Можно спорить, эта ли работа Зубра или же исследования генетических основ эволюции — его главное достижение. Но одно несомненно: именно оценка величины генов послужила мостом между классической генетикой и генетикой молекулярной, возникшей в 1953 году, когда Уотсон и Крик открыли двойную спираль ДНК. Тогда стало ясно, что гены — это протяженные участки ДНК, размер которых впервые надежно оценил Зубр, «вычислил» ген, как Резерфорд вычислил атомное ядро.

С этого времени он делается одним из признанных лидеров в биологии. Он в расцвете сил и энергии. Темперамент, любопытство, силища — все в его могучей натуре мешает ему осесть на открытых им землях, он дарит их другим, а сам спешит дальше. Освоение не для него, он не колонизатор. Он отбывает в эволюцию, переправляется на совершенно другой материк — к чайкам и овсянкам-дубровникам, занялся их систематикой, опытами по жизнестойкости отдельных мутаций. Перед ним прояснился путь к количественному изучению пусковых механизмов эволюции. Какой нужен, например, минимум популяции и какой максимум? И про волну жизни. Например, гнус, почему его то мало, то много? Сезонные колебания гнуса от единицы до миллиона. Что делает эта волна? Разбалтывает ли она мутации?..

В этой кипучей работе политическая жизнь немцев редко и неглубоко затрагивает его душу. Он переполнен тем, что творится на родине. Там все чаще печатают разгромные статьи об известных биологах, называют их взгляды реакционными, вредными. Трудно понять, что именно обсуждается, что-то философское, неконкретное, больше всего это походит на судилище. В итоге кого-то зачисляют в идеалисты, кого-то в антидарвинисты, кончаются дискуссии административными мерами. Филипченко назвали буржуазным ученым, заставляли уйти из Ленинградского университета, и после его смерти Презент продолжал клеймить его: «Буржуазно воспитанный буржуазными устоями проф. Филипченко…» Выслали Левитского, затем Максимова, Попова, Кулешова, что-то происходит с Карпеченко. Что именно — неизвестно. Арестовали профессора Рай-нова. Он не мог поверить, что эти крупные ученые, люди безупречной честности, научной добросовестности, могли оказаться вредителями, или проходимцами, или врагами народа. Оскорбительные ярлыки никак не вязались с обликом этих людей. Было непонятно, зачем шельмуют цвет советской науки. Кому это надо? Для чего? Дочь профессора Б., которого обвинили в идеализме, отреклась от него. Такие отречения от отцов, замечательных ученых, происходили все чаще. Наконец пришло известие, что заставили уйти из университета Кольцова. Все большую силу набирали неведомый Зубру, да и вообще здесь никому не известный своими работами Трофим Лысенко и его идеолог, его перо И. Презент. Этого Зубр помнил. Еще в Москве Презент просился к ним в семинар, в Дрозсоор; шустрый, с хорошо подвешенным языком юнец предлагал свои услуги в качестве теоретика. Никаких самостоятельных исследований он не вел и не собирался вести. Ему объяснили, что теоретизировать в Дрозсооре умеют сами… И вот теперь этот Презент стал главным теоретиком Лысенко, занялся прежде всего разоблачениями механистов, менделистов, морганистов. Ученый, имеющий не труды, а одни разоблачения. Не список работ, а список разоблаченных.

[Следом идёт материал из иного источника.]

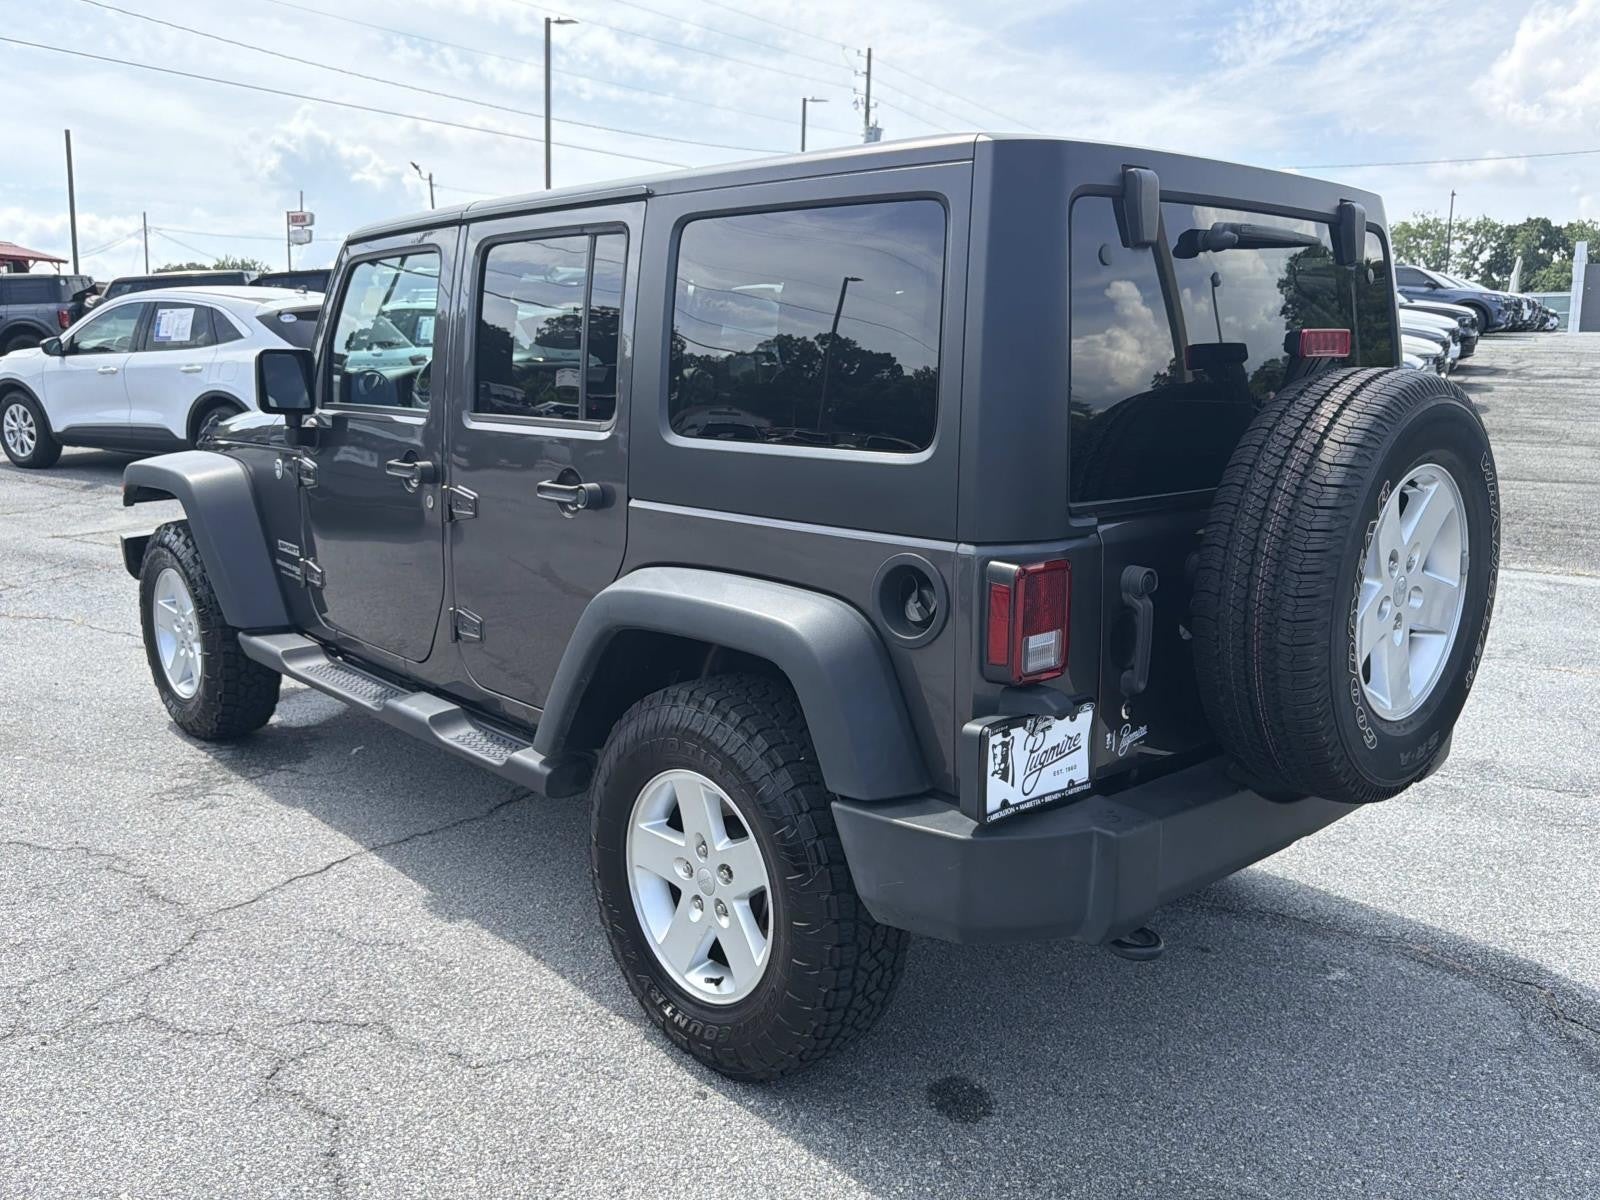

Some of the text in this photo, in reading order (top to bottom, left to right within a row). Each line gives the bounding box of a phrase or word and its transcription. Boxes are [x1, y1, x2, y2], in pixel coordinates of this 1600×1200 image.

[1348, 480, 1391, 750] GOODYEAR
[1466, 450, 1500, 689] WRANGLER
[1022, 730, 1082, 796] Pugmire
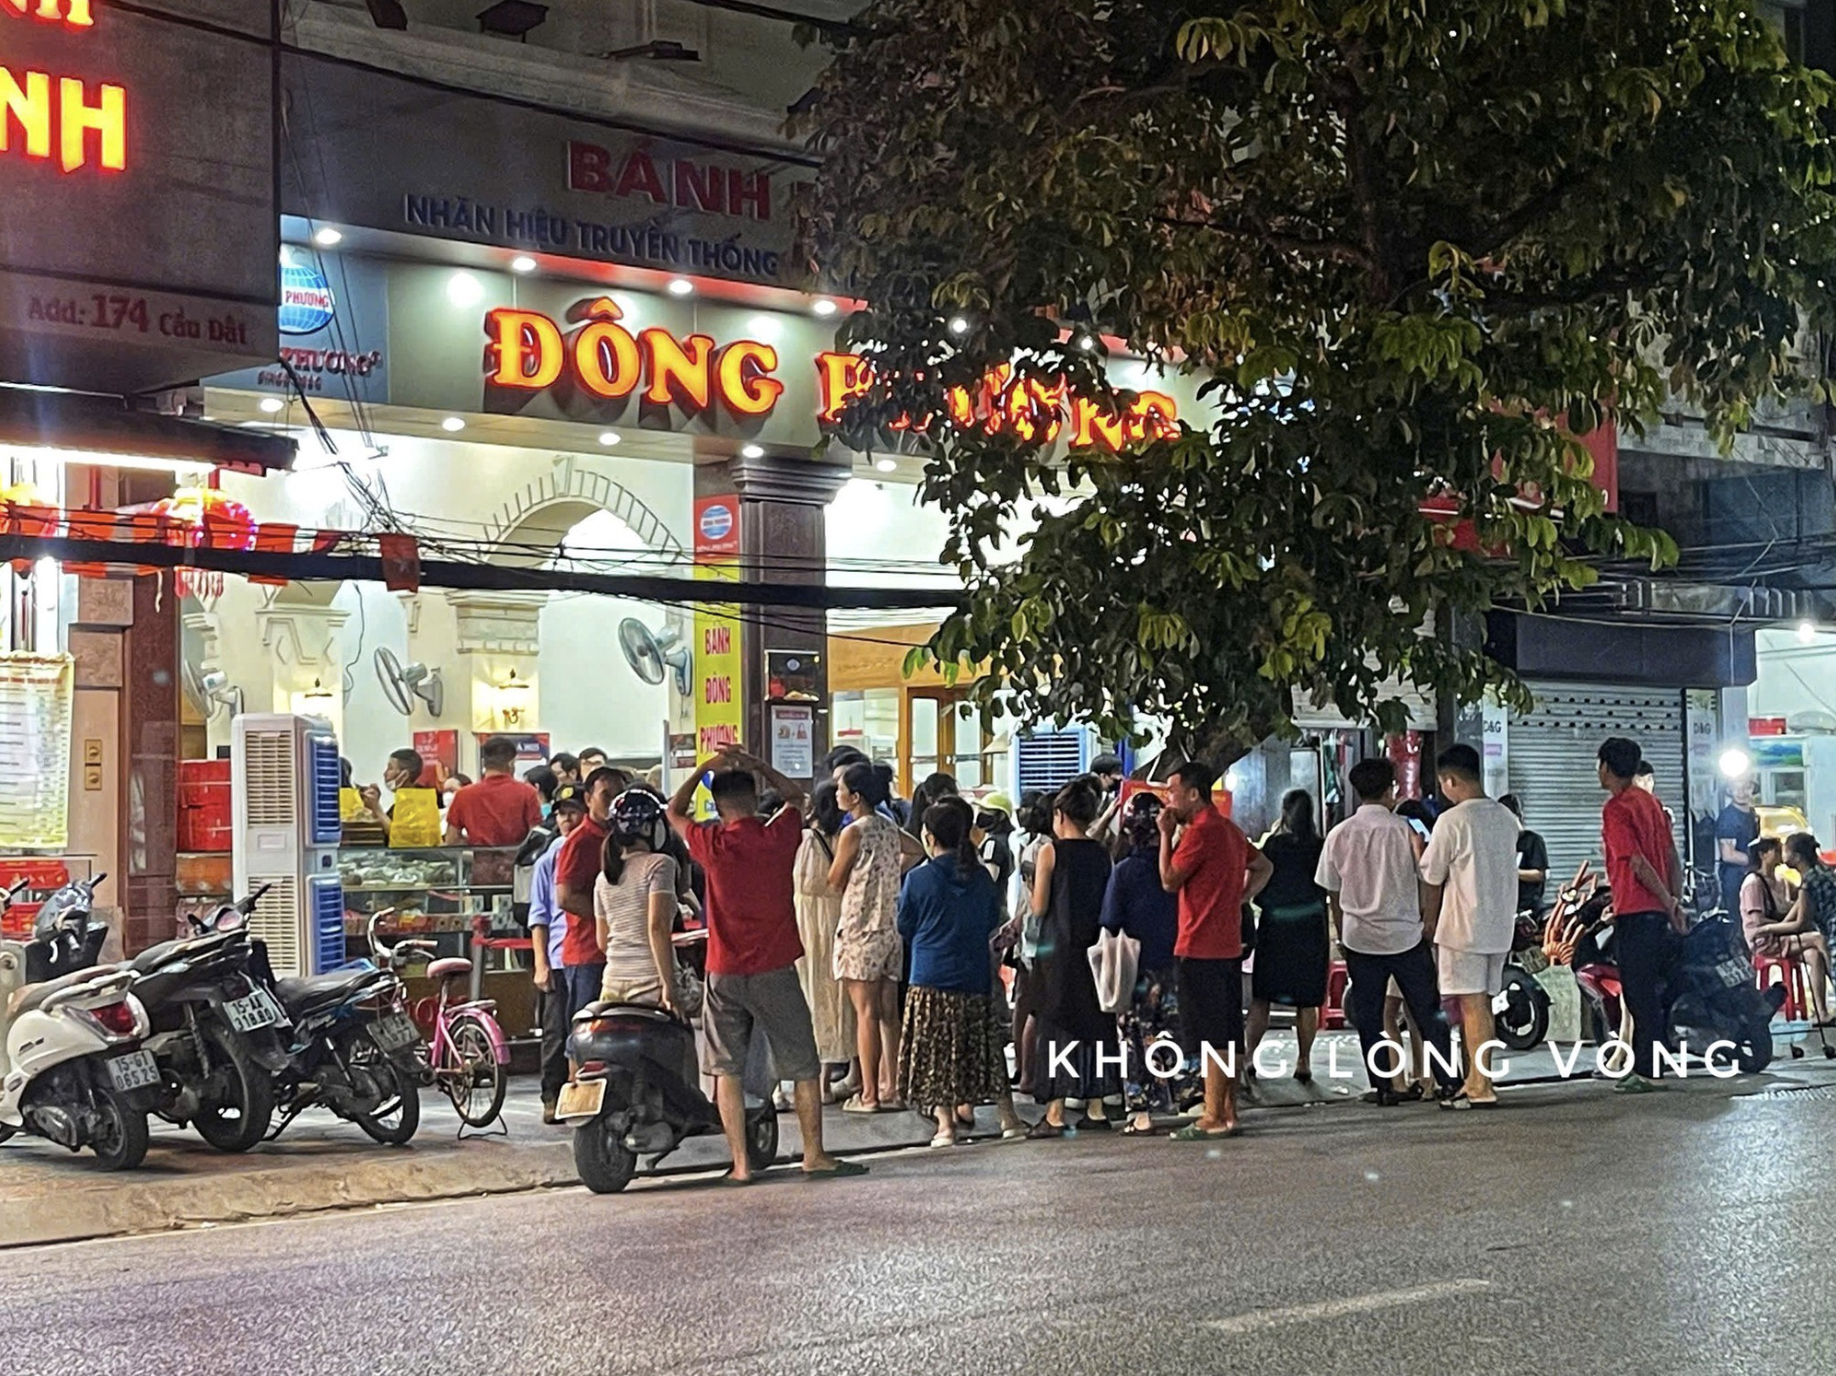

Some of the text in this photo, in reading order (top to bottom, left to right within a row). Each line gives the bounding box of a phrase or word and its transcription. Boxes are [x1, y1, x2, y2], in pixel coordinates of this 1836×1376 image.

[567, 137, 771, 221] BÁNH
[575, 218, 680, 264] TRUYỀN
[688, 233, 780, 277] THỐNG
[28, 296, 85, 326] Add:
[89, 294, 149, 333] 174
[486, 296, 784, 415] ĐÔNG

Сами термины, которые он применял, казались Зубру каким-то бесовским вывертом: и Мендель и Морган были классиками биологии, их трудами биологи пользовались так, как электрики пользуются законом Ома, почему же менделисты и морганисты стали бранными кличками? Ладно еще бранными — брань на вороту не виснет, — так ведь ответить не давали. Лысенко с Презентом уже и на Вавилова стали нападать. Один из шведских ученых, приехав из Советского Союза, передал Зубру письмо от Кольцова. Там после неутешительных новостей Николай Константинович повторял свой совет: не спешить домой, переждать. В нынешней обстановке, да еще со своим невыдержанным характером, Колюша, как только вернется, сразу же подвергнется опале. К тому же иностранные его связи не ко времени, неуместны они для нынешнего климата. Надо годить, набираться терпения, скоро все образуется, такое не может долго продолжаться.

Письмо появилось не само по себе — Николай Константинович отвечал на просьбу Колюши узнать, куда бы он мог вернуться: в Московский университет либо же в кольцовский институт. Его тянуло домой, в Москву. Пока из Москвы приезжали Вавилов, Вернадский, тот же Кольцов и другие, пока существовало свободное общение, переписка, командировки, он не ощущал никакой тоски. По мере того как поездки сокращались, связи обрывались, он начал страдать. Отсутствие общения с родной наукой угнетало его.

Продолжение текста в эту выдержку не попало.